== Exercise aim ==
Could you restate the entries word for word, without the images?

** Records supplied follows **

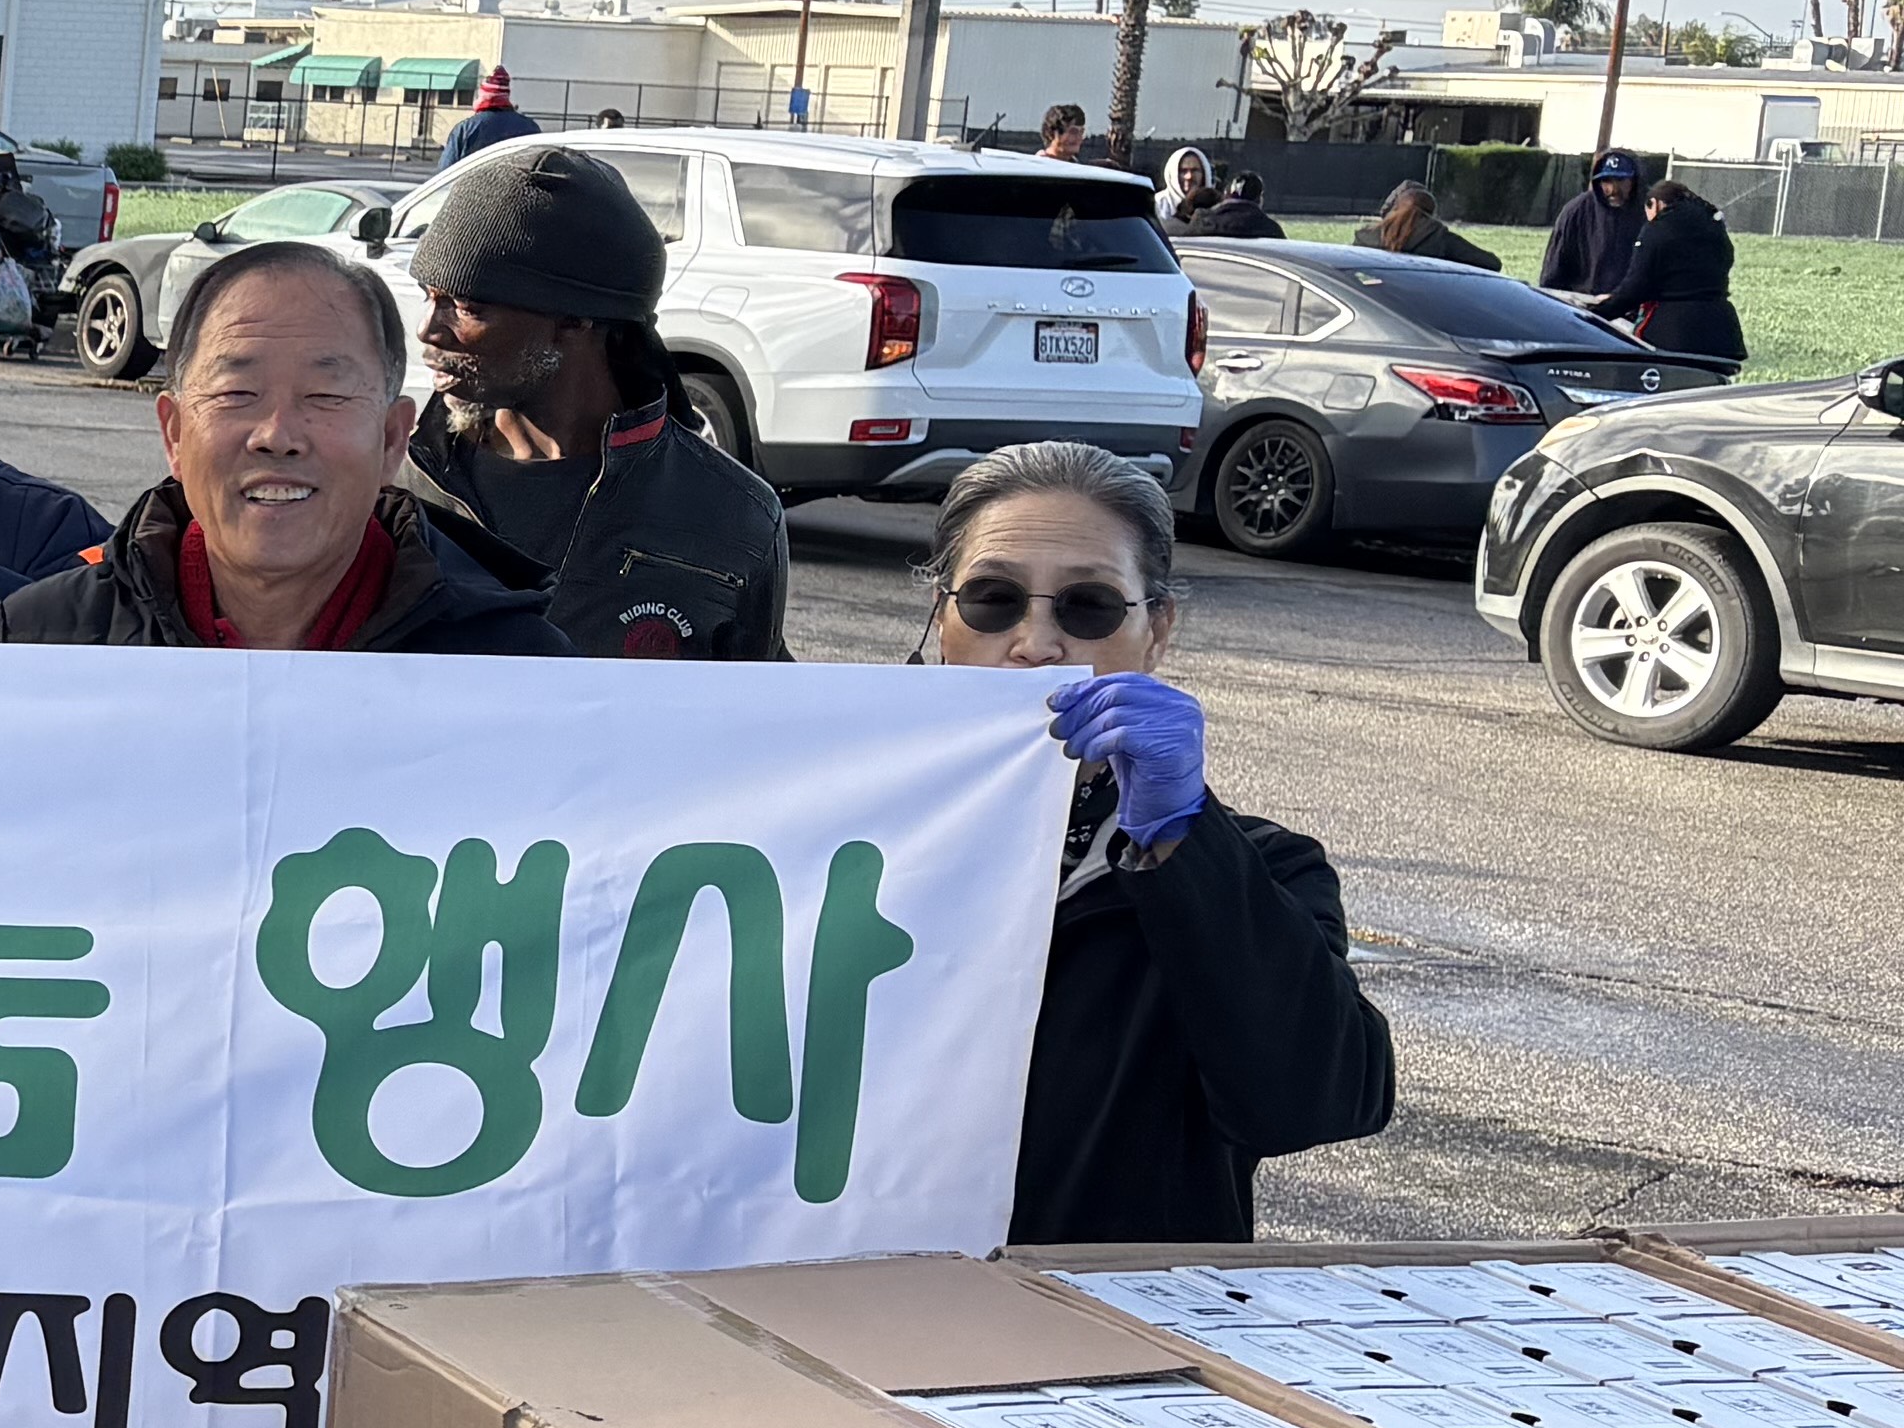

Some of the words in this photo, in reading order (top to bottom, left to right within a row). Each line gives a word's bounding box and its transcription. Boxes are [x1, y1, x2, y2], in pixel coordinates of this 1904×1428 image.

[1040, 335, 1093, 354] 8TKX520
[619, 602, 666, 624] RIDING
[667, 608, 693, 638] CLUB
[256, 827, 914, 1204] 행사
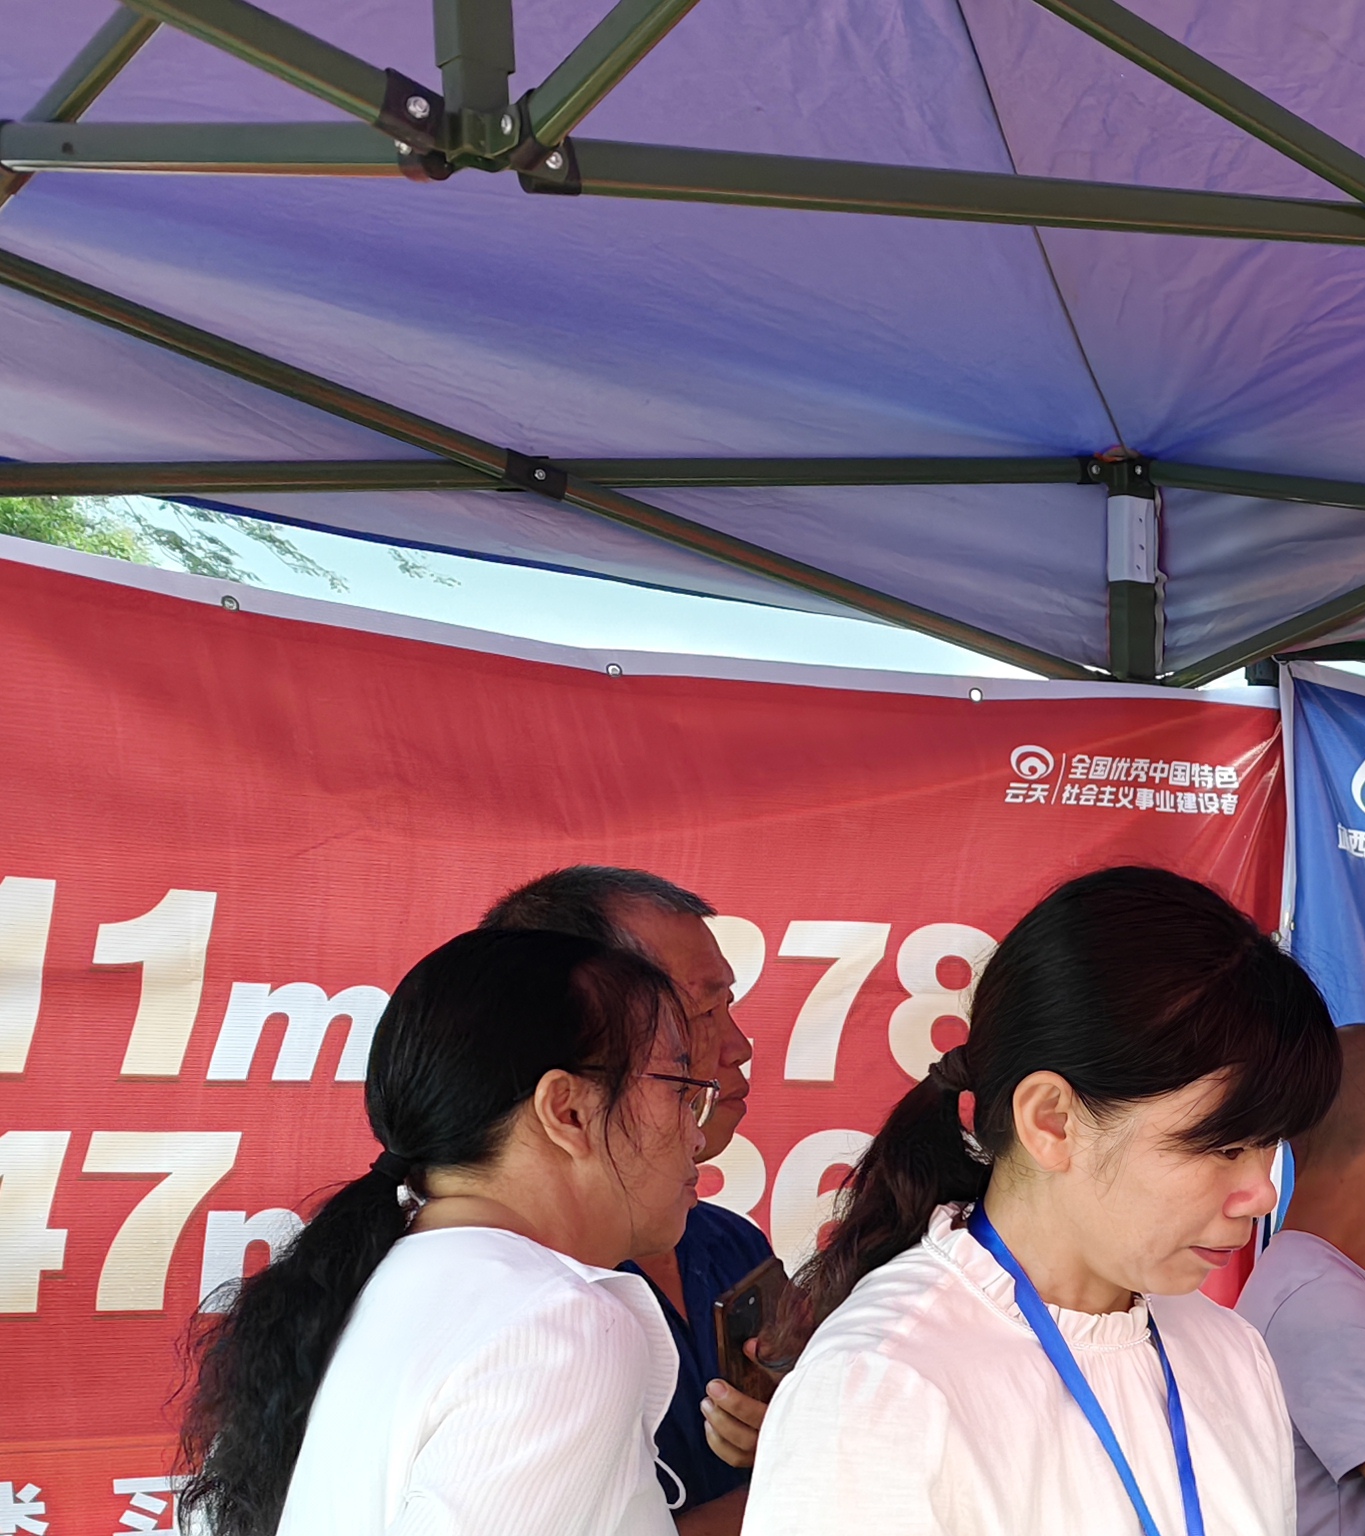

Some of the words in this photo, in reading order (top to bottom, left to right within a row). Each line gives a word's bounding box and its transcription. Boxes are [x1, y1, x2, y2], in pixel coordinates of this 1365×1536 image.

[1068, 754, 1240, 789] 全国优秀中国特色
[1004, 782, 1050, 804] 云天
[1061, 783, 1238, 815] 社会主义事业建设者
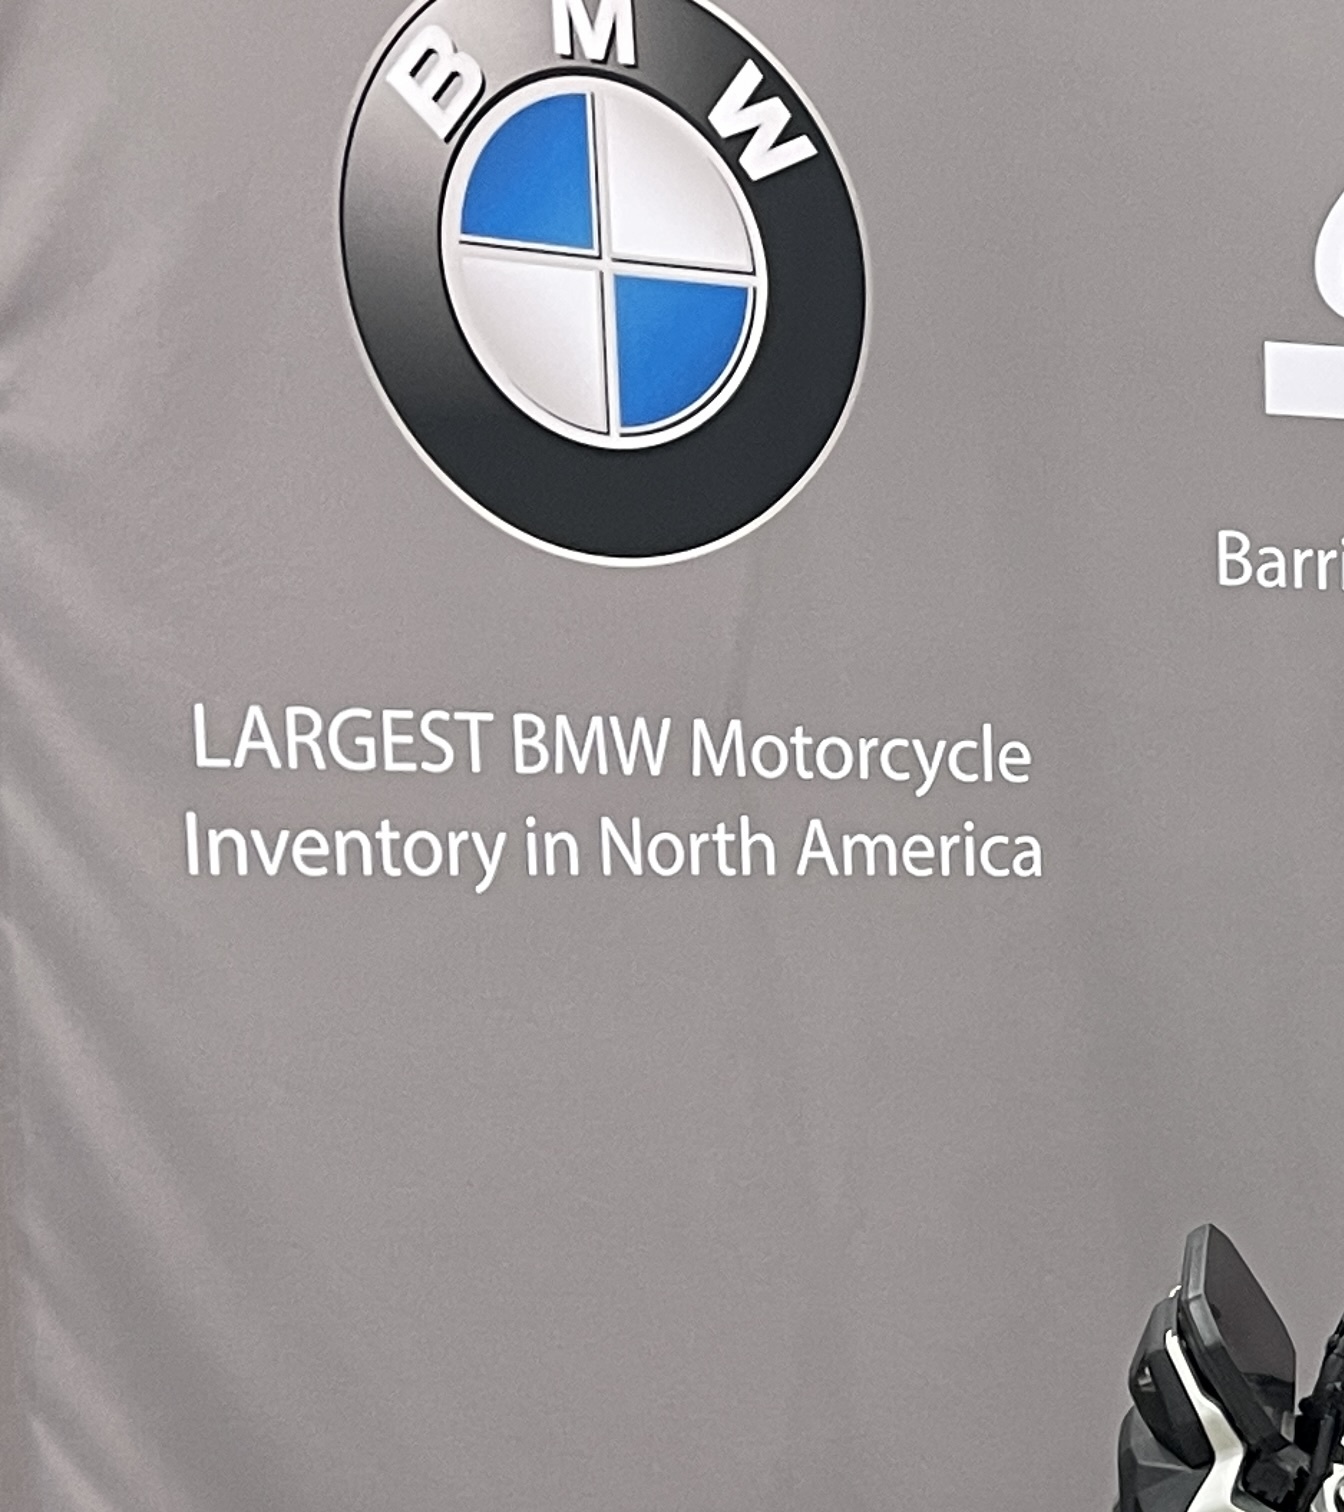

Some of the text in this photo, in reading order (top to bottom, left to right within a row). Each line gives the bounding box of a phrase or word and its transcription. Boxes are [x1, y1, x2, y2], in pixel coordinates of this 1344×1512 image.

[386, 0, 819, 182] BMW
[193, 701, 1033, 799] LARGEST BMW Motorcycle
[184, 810, 1043, 895] Inventory in North America

** End of Records supplied **

== Solution to this problem ==
Some of the words in this photo, in reading order (top to bottom, left to right within a row). Each line gives a word's bounding box and its transcription. Boxes are [x1, y1, x2, y2], in pixel coordinates of this 1904×1428 image.

[1040, 335, 1093, 354] 8TKX520
[619, 602, 666, 624] RIDING
[667, 608, 693, 638] CLUB
[256, 827, 914, 1204] 행사

Some of the words in this photo, in reading order (top to bottom, left to right within a row). Each line gives a word's bounding box and its transcription. Boxes are [x1, y1, x2, y2], in pixel coordinates of this 1365×1536 image.

[1068, 754, 1240, 789] 全国优秀中国特色
[1004, 782, 1050, 804] 云天
[1061, 783, 1238, 815] 社会主义事业建设者

Some of the text in this photo, in reading order (top to bottom, left to right within a row). Each line gives the bounding box of a phrase or word and its transcription. Boxes are [x1, y1, x2, y2], in pixel coordinates of this 1344×1512 image.

[386, 0, 819, 182] BMW
[193, 701, 1033, 799] LARGEST BMW Motorcycle
[184, 810, 1043, 895] Inventory in North America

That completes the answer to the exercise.